Signs that you justify/rationalize include:
- You blame others
- You compare yourself to others, whether you put them up or down
- You label yourself: “I’m a good person” or “I’m just a bad person”
- You make excuses
- You deny things that you know are true
- You deal in extreme statements — for example, you minimize your problems and horribilize others’
- You try to convince others that you are right
- You hold different standards for yourself than others
We usually don’t need reasons when we know we’re doing the right thing. I once heard a clinical psychologist whose responsibility was to determine whether inmates were not responsible for their crimes due to a mental inability to understand guilt, right, and wrong.
He said that the way he could tell was if they excused their actions, if they had reasons and rationalizations for why they did it. If they did, that indicated they had a sense of guilt that they understood enough to need to cover it up. The inmates who were actually innocent due to their inability wouldn’t need reasons or excuses for what they did; they just did it.
Justifying your own behavior usually leads to suffering. This type of mental purgatory often shows up as “shoulds,” as in “Well, I should be exercising more, but I just don’t have the time” or “I should be kinder, but he is such a jerk.” “Shoulds” are one way we create our own suffering. Keep an eye out for my upcoming video on how to work with “shoulds.”
But when it comes to cognitive dissonance, it’s best to resolve it through really taking the time to clarify.
Notice what your values are (we’re going to spend time on that in an upcoming video), notice what your thoughts and behaviors are, write about them, don’t allow yourself to make excuses, and choose whether you need to change your thoughts or your behaviors to create more integrity in your life.
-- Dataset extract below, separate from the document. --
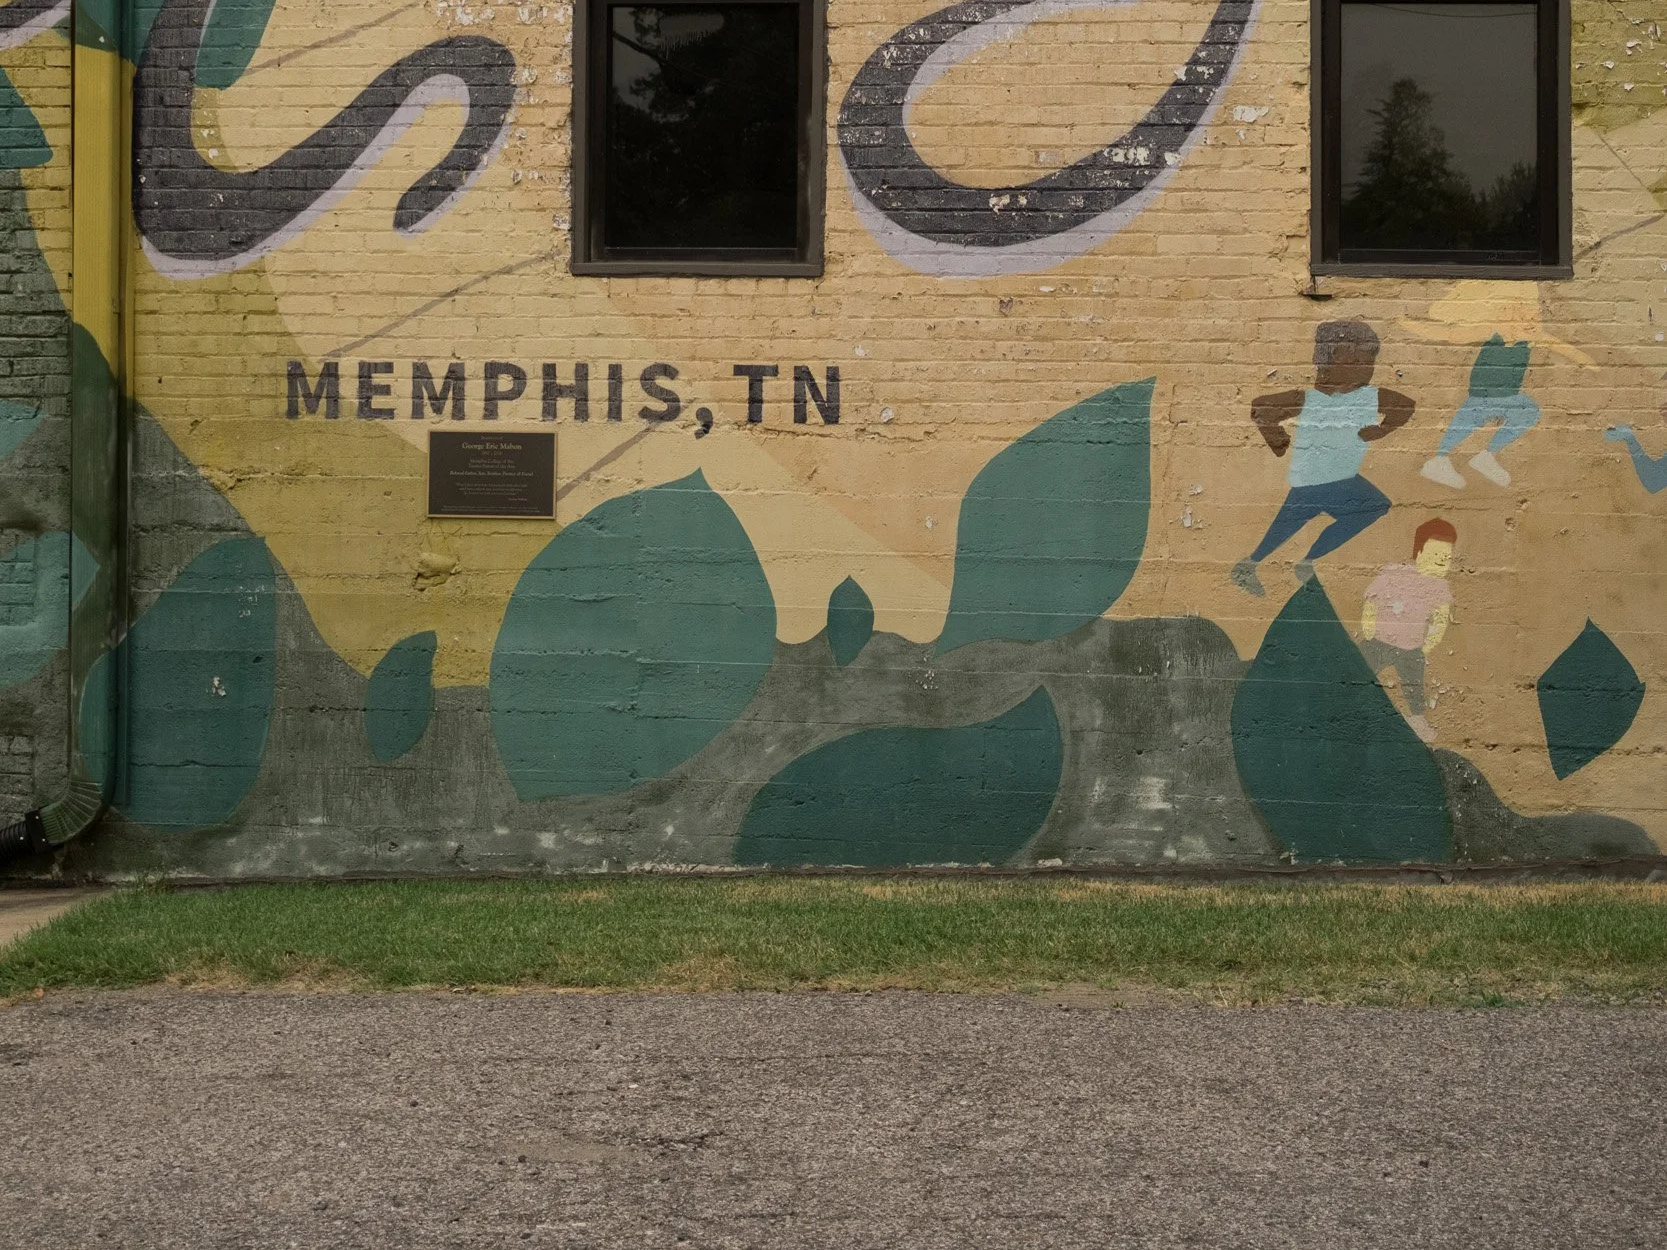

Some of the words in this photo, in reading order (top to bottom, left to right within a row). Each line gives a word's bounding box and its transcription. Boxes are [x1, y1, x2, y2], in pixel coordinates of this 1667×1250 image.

Take time regularly to do an inventory with yourself. Once a week or once a day or once a month, take a look at your life and check in: “Am I being the person I believe I should be?” And if not, try to be 1% better each day.
This is all about striving for integrity, working hard to have your actions line up with the kind of person that you want to be. Integrity is the source of self-respect and, in my opinion, essential for fighting depression and anxiety. But nobody’s perfect. I mess up all the time.
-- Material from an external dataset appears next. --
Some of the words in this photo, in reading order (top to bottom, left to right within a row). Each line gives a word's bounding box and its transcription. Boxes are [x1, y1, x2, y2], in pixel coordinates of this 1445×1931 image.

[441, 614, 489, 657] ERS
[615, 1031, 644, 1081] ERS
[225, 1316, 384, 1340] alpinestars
For me, this gap, the gap between what is right and what I do, the only way for me to resolve that is through the grace of God and trying hard every day to be humble, willing to change, and as brutally honest with myself as possible.
Summary
- Dissonance is when what we think and what we do have a gap
- Dissonance makes us feel unsettled, guilty, uncertain, fake, or bad about ourselves. It also creates negative physical tension.
- When we resolve dissonance we can feel more peace, like ourselves more, and feel clarity.
- There are 3 ways to resolve dissonance:
- Change how we act
- Change how we think
- Rationalize/justify/trivialize
- What we do with our gaps really matters. It impacts how we feel, our relationships, and our self-esteem. When we catch ourselves with a gap, we can humbly try to improve or we can defensively try to justify ourselves.